坦道基并不是一座城市,而是一个较大的村落,可能是防备盗贼,村子四周用土墙围起,墙高不过一丈,为了百姓出行方便,四周都有木门。
士兵们准备了绳索和铁钩,预备翻越土墙,但土墙的部没有着力,铁钩就失去了目标,但土墙不到三丈,士兵们也可以搭人梯上去。
士兵们两人一组,一人下蹲,另外一名士兵站到他的肩膀上,下面的士兵沿着土墙,缓缓直起身子,肩上士兵的双手,已经可以够得着墙头。
上了墙头,士兵再从内侧溜下去,他们用双手搭在墙头上,缓缓放下身子,待到双臂伸直的时候,脚尖距离地面,已经不足三尺,轻轻下去,落地的响声也不会太大。
十余名士兵越过土墙后,他们悄悄打开寨门,将外面的明军接应进去,整个过程,没惊动东吁士兵,看来,这里的东吁士兵根本没感觉到危险的临近,他们压根就没想到,明军会从坦道基大规模渡河。
占据寨门后,明军留下少量的士兵把守着城门,其余的士兵,分成数队,开始向城内冲杀。
睡梦中的东吁士兵,一时找不到兵器,就算找到兵器,黑暗中也是看不清明军,眼屎糊住眼睛的他们,根本不住燧发枪的射击。
东吁士兵找不着将领,将领也找不着士兵。
乱象加快了他们伤亡的速度,不到半个时辰,五百东吁守军,全部被明军歼灭,为防明军渡河的讯息走漏出去,堡内仅有的数百百姓,也被明军屠杀了。

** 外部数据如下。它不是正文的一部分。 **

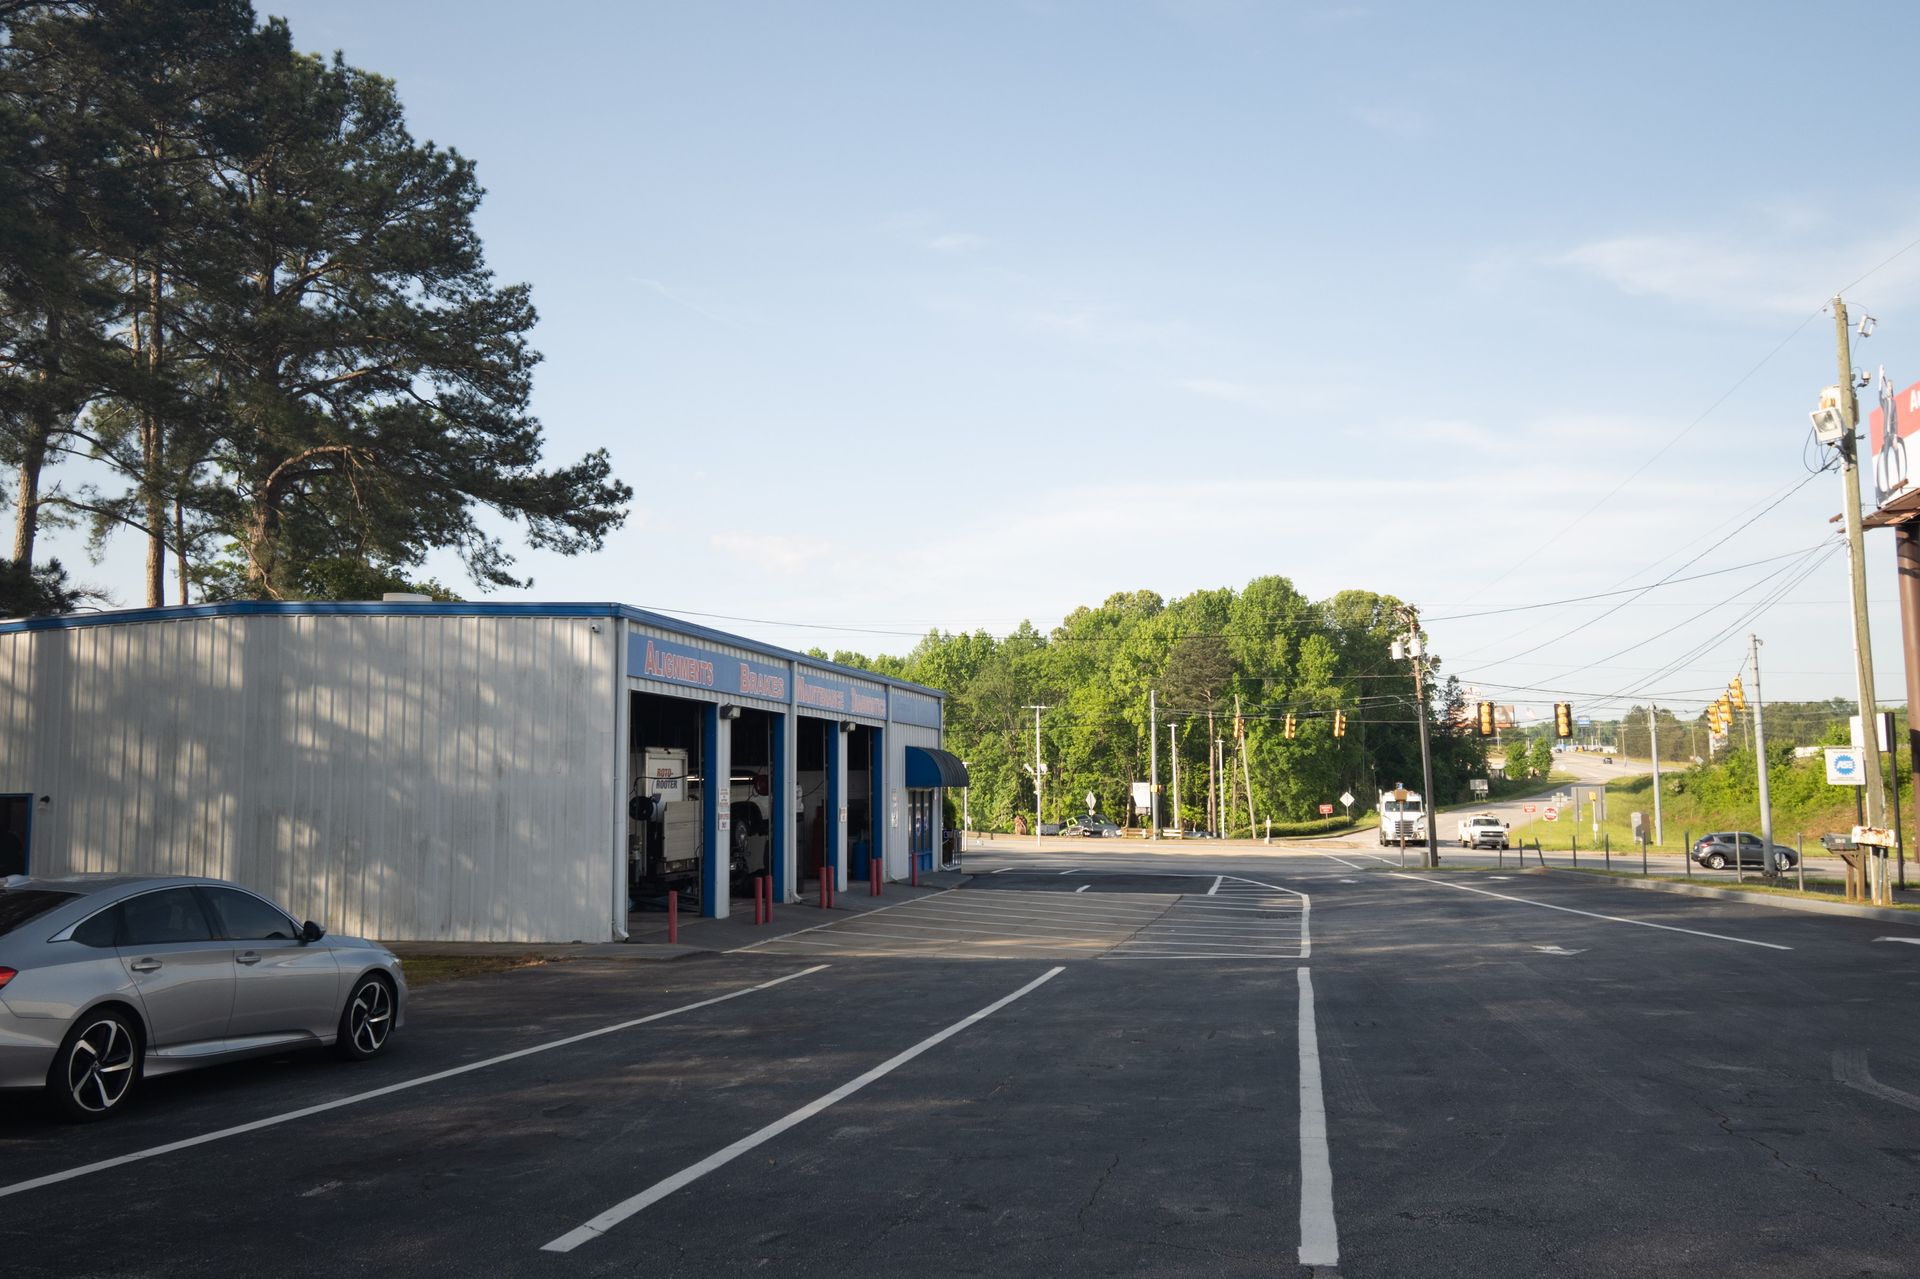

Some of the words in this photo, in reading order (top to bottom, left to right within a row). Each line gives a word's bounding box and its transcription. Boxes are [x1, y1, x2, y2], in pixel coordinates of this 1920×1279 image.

[644, 640, 714, 688] ALIGNMENTS
[739, 663, 785, 699] BRAKES
[656, 780, 678, 790] ROOTER

白古河面上,三千泅水的士兵刚刚离开,工兵就沿着河中的绳索搭建浮桥。
不管明军进攻坦道基的讯息是否走漏出去,只要数千明军过了河,在西岸建立防守阵地,后面的明军就会源源不断地渡河,即使东吁士兵发现了,临时调兵遣将,也很难突破明军的燧发枪阵。
天色蒙蒙亮的时候,河面上已经搭起八座浮桥,士兵们开始渡河。
先期渡过白古河的士兵,迅速在外围建立防守阵地,掩护后续渡河的士兵,加上坦道基还有三千明军,建立第一道防守阵地,渡河的明军十分安全。
明军显然是多虑了,东吁的游骑暂时没有发现明军渡河,他们的防守中心,还是在城东。
一直到中午的时候,东吁的游骑才来到坦道基,他们发现明军在坦道基渡河,立即拨转马头,赶回城中向他隆报告。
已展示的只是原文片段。